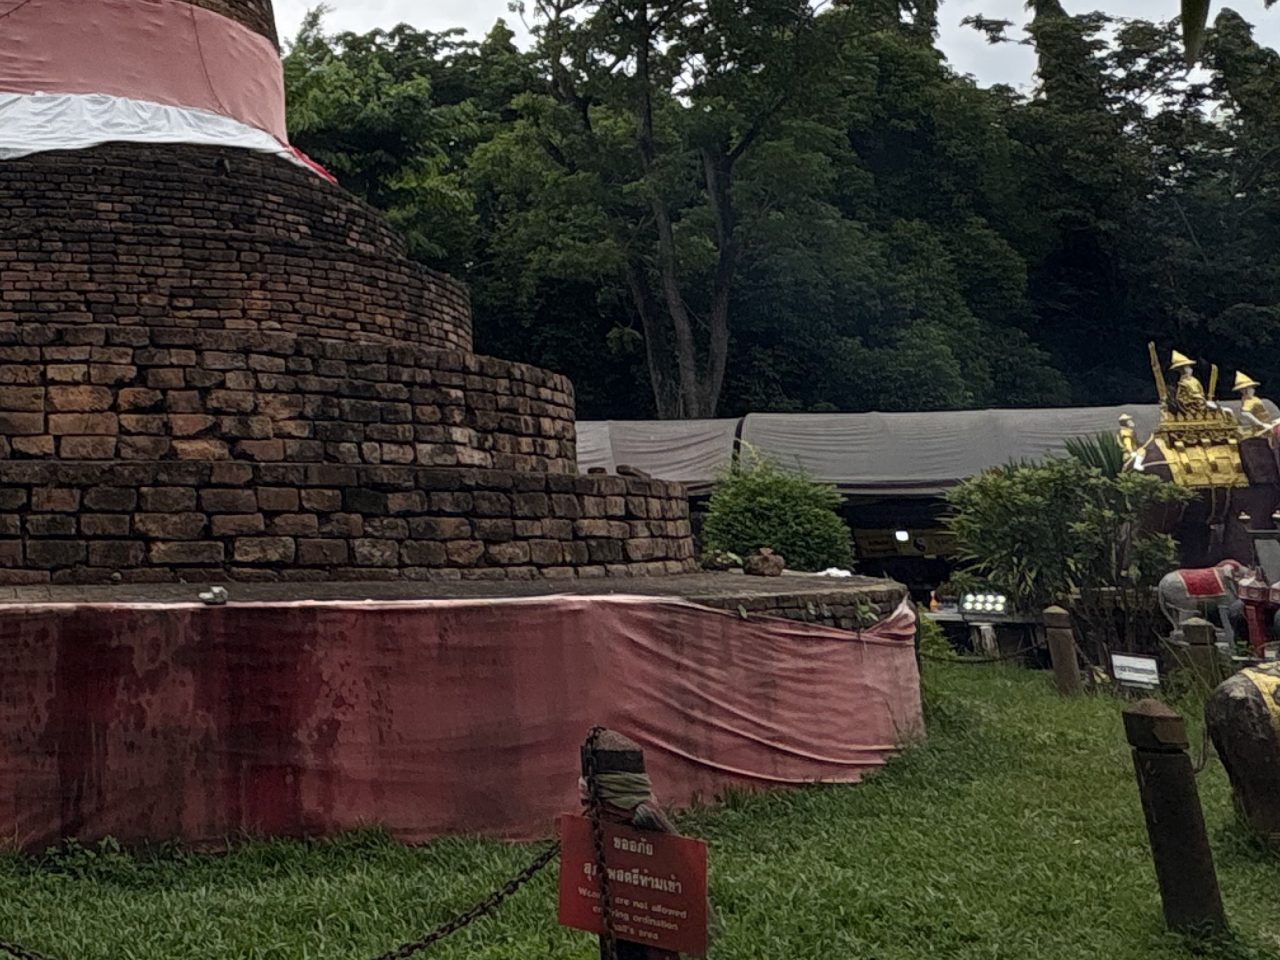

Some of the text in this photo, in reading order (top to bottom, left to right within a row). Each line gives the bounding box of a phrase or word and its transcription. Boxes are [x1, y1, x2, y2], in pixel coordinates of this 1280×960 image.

[613, 837, 654, 856] ขออภัย
[583, 862, 682, 894] สุพสตรีห้ามเข้า
[593, 905, 679, 931] enring ordination
[615, 896, 630, 906] are
[633, 900, 648, 910] not
[651, 904, 687, 919] allowed
[638, 929, 658, 940] area
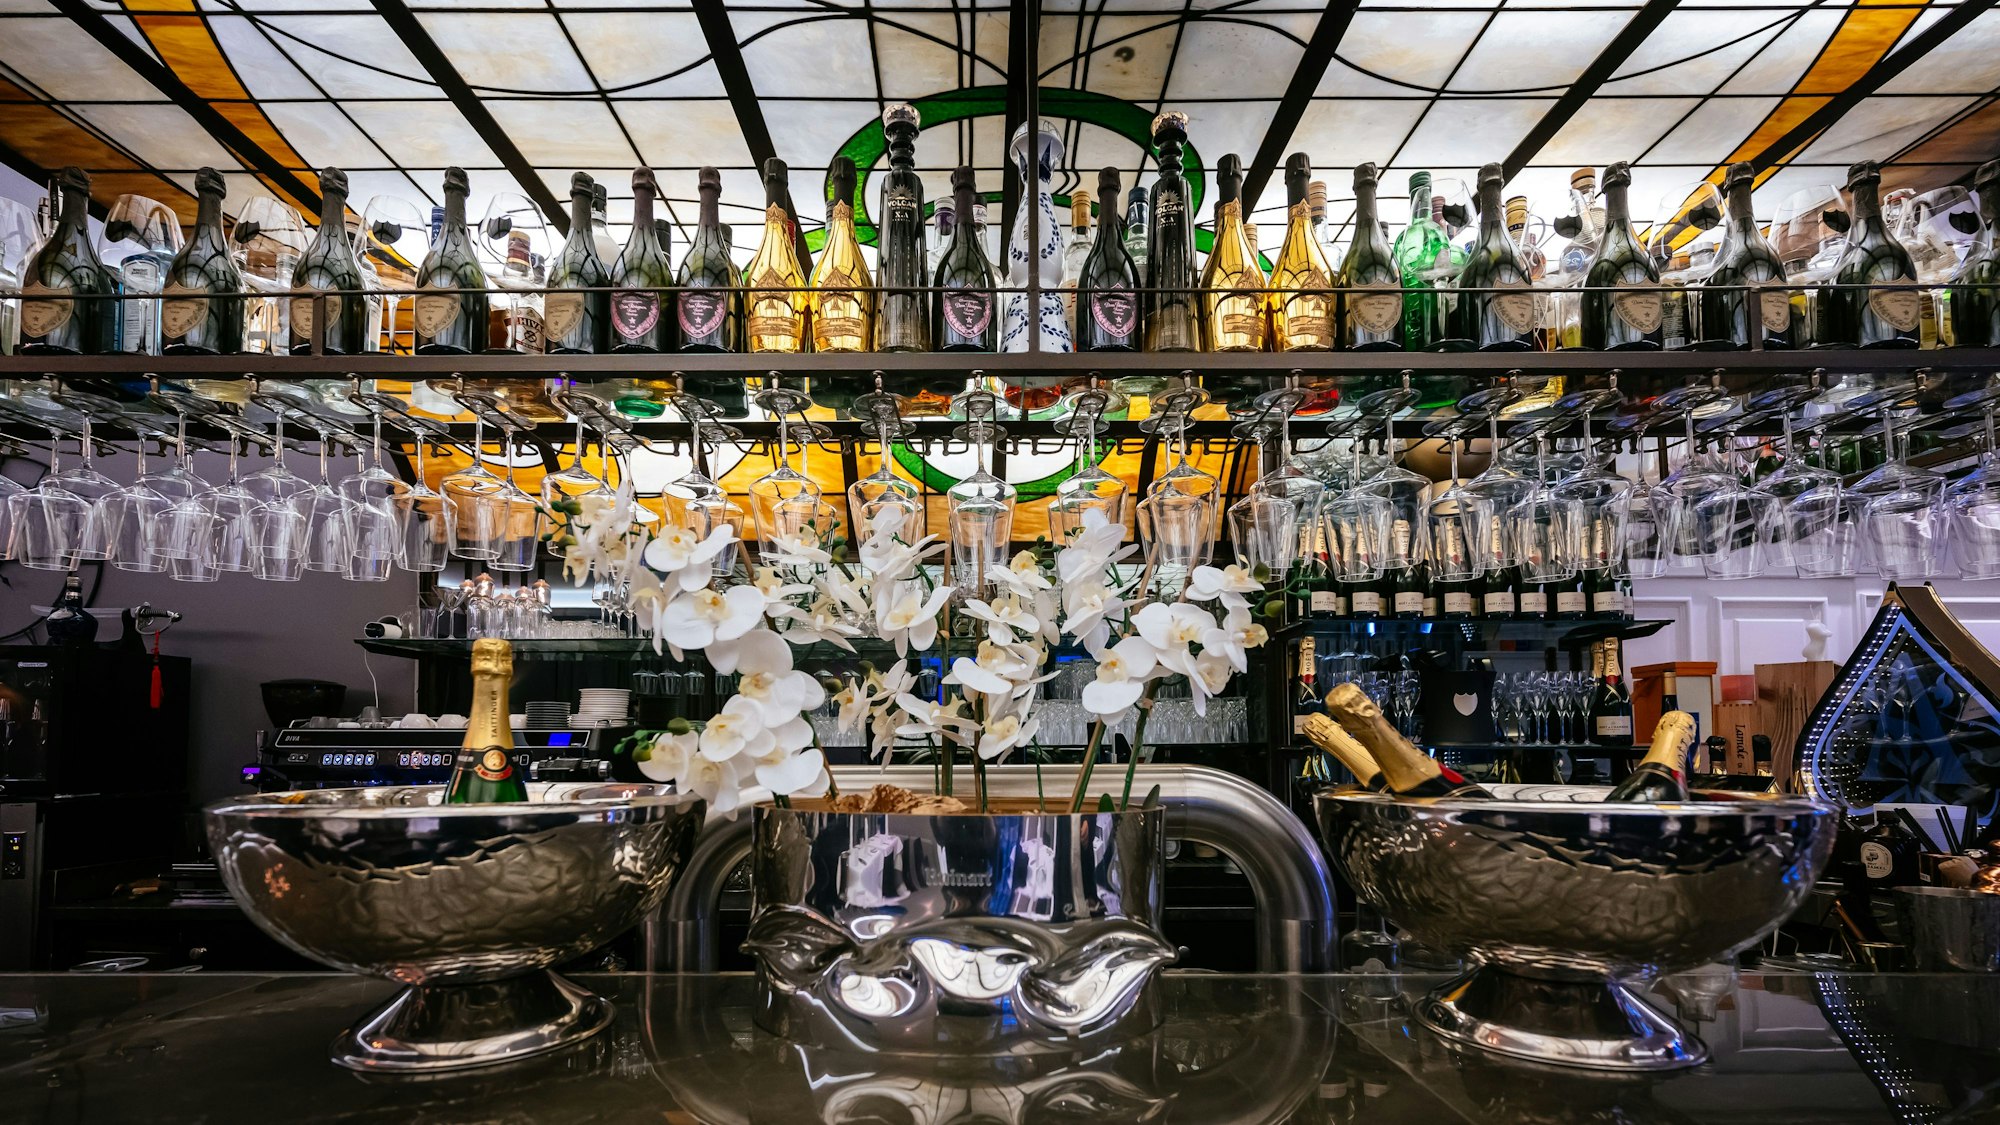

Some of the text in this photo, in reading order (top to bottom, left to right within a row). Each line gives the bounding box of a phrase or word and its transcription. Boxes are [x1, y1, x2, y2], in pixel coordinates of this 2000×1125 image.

[888, 200, 917, 209] VOLCAN
[519, 317, 543, 331] HIVA
[1735, 724, 1748, 759] Lamole
[925, 868, 992, 887] Ruinart
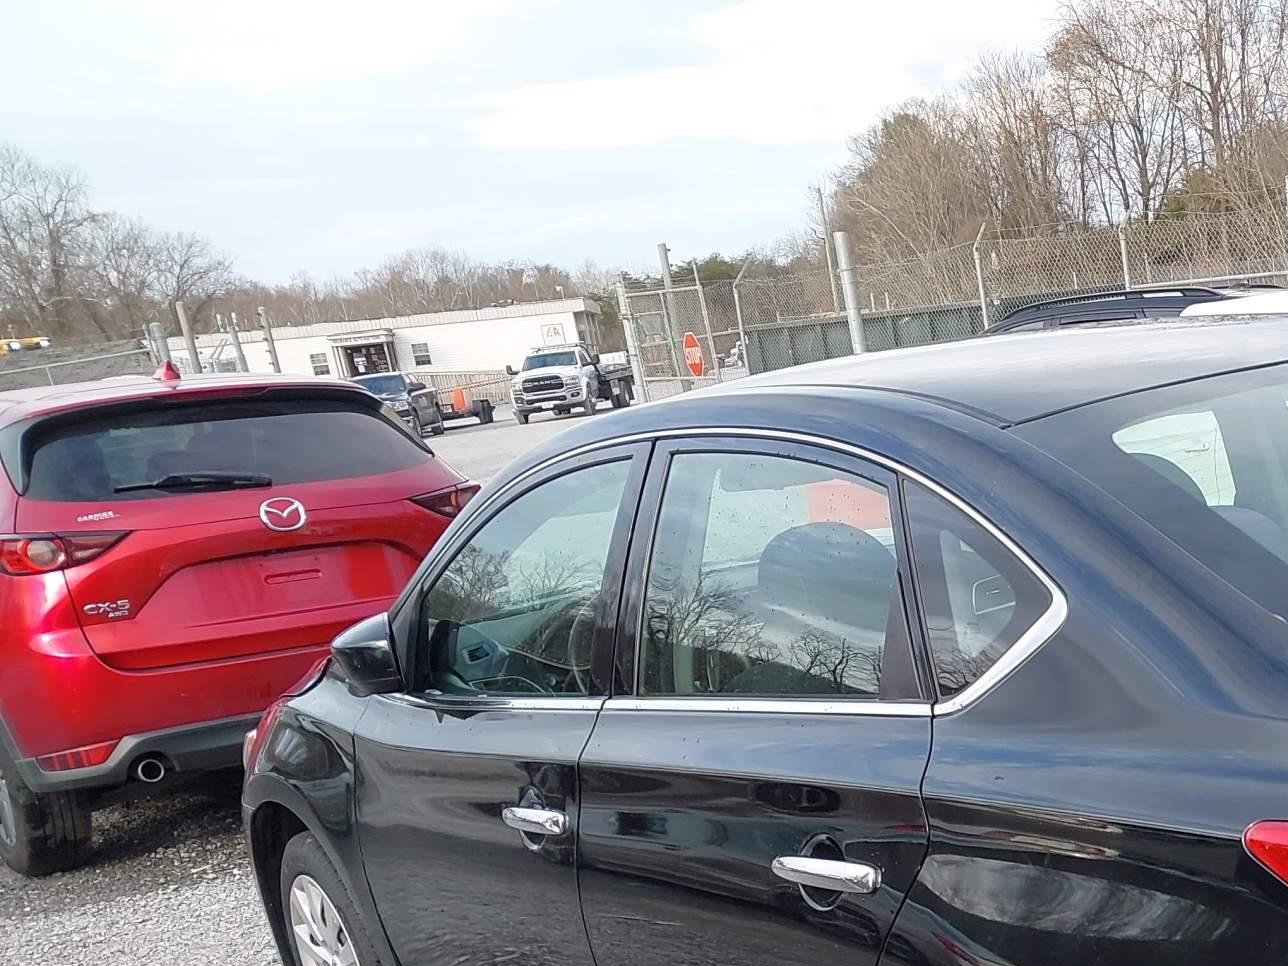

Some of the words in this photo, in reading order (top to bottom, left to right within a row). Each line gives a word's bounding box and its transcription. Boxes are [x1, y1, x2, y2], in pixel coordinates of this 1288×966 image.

[686, 347, 701, 364] STOP
[83, 599, 130, 614] CX-5
[108, 610, 129, 618] AWD
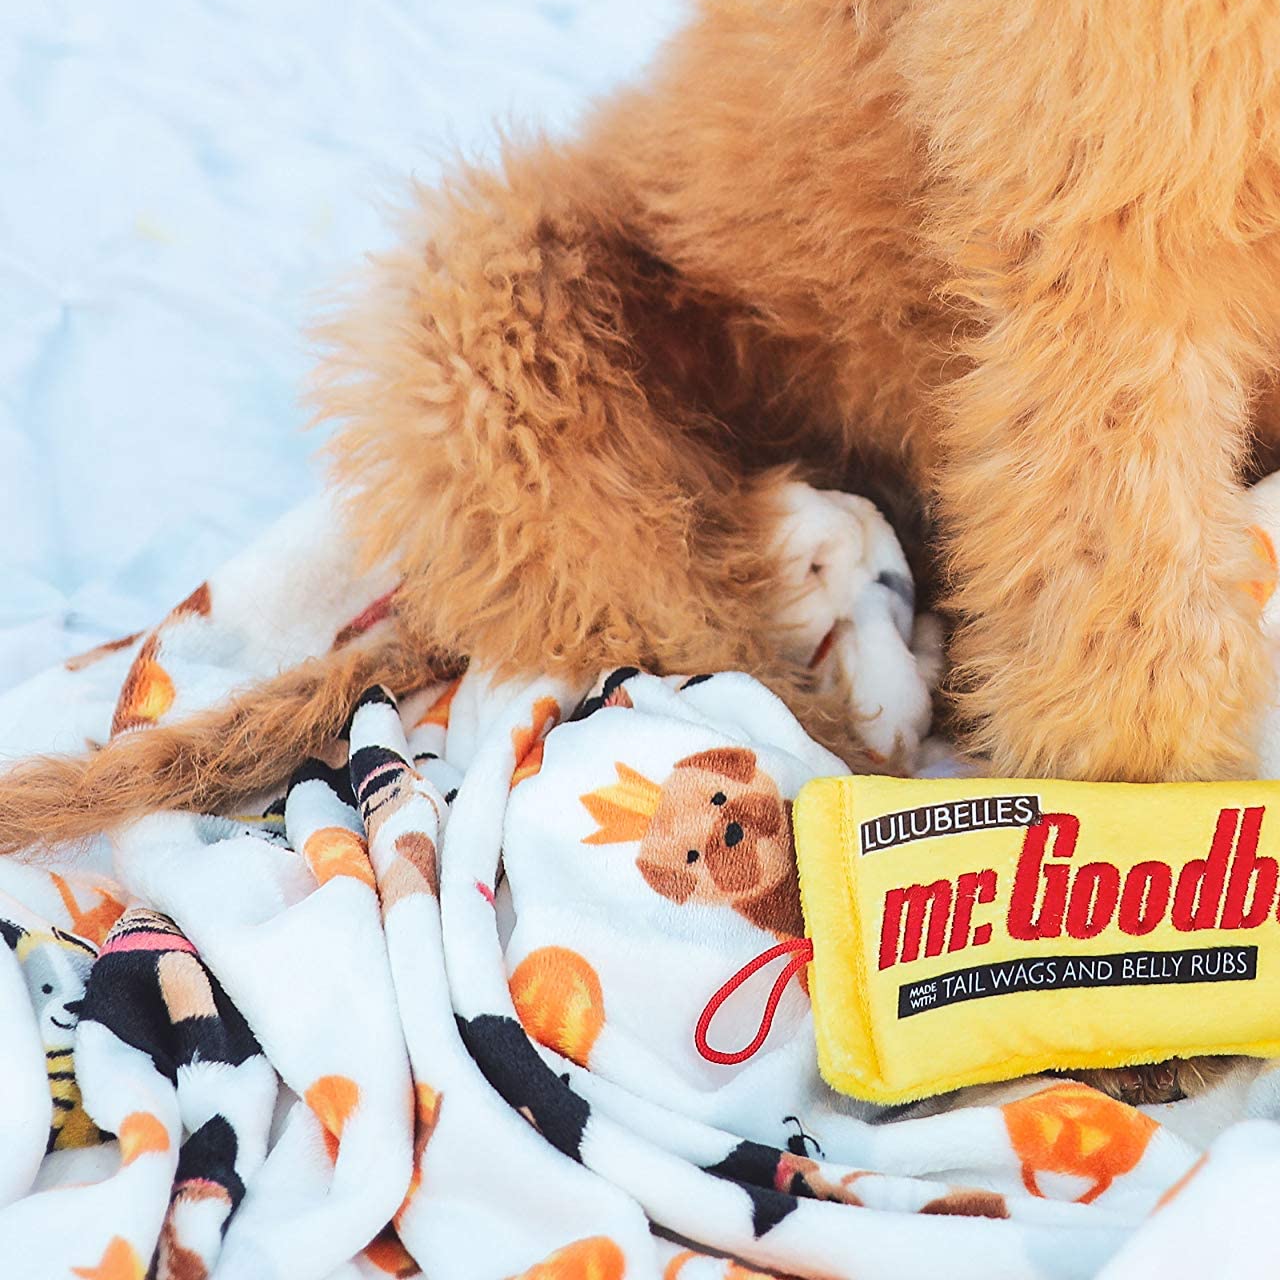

-=-=-=-=-

# [DIRECTIONS]
Reproduce exactly the lines that run from the line holding "this 2000×1125 image." through the final line of the entries, and omit every picture.

# [REPLY]
Some of the text in this photo, in reading order (top to bottom, left to right within a row). Each line gives the bounding box of a phrase or word and its transcription. Boxes are [x1, y1, x2, y2], in pixel coordinates of this 2000×1125 image.

[888, 200, 917, 209] VOLCAN
[519, 317, 543, 331] HIVA
[1735, 724, 1748, 759] Lamole
[925, 868, 992, 887] Ruinart

Some of the words in this photo, in reading order (top to bottom, left to right within a row). Each line gives a word's bounding box and its transcription. Boxes are [x1, y1, x2, y2], in pixel coordinates of this 1288×966 image.

[686, 347, 701, 364] STOP
[83, 599, 130, 614] CX-5
[108, 610, 129, 618] AWD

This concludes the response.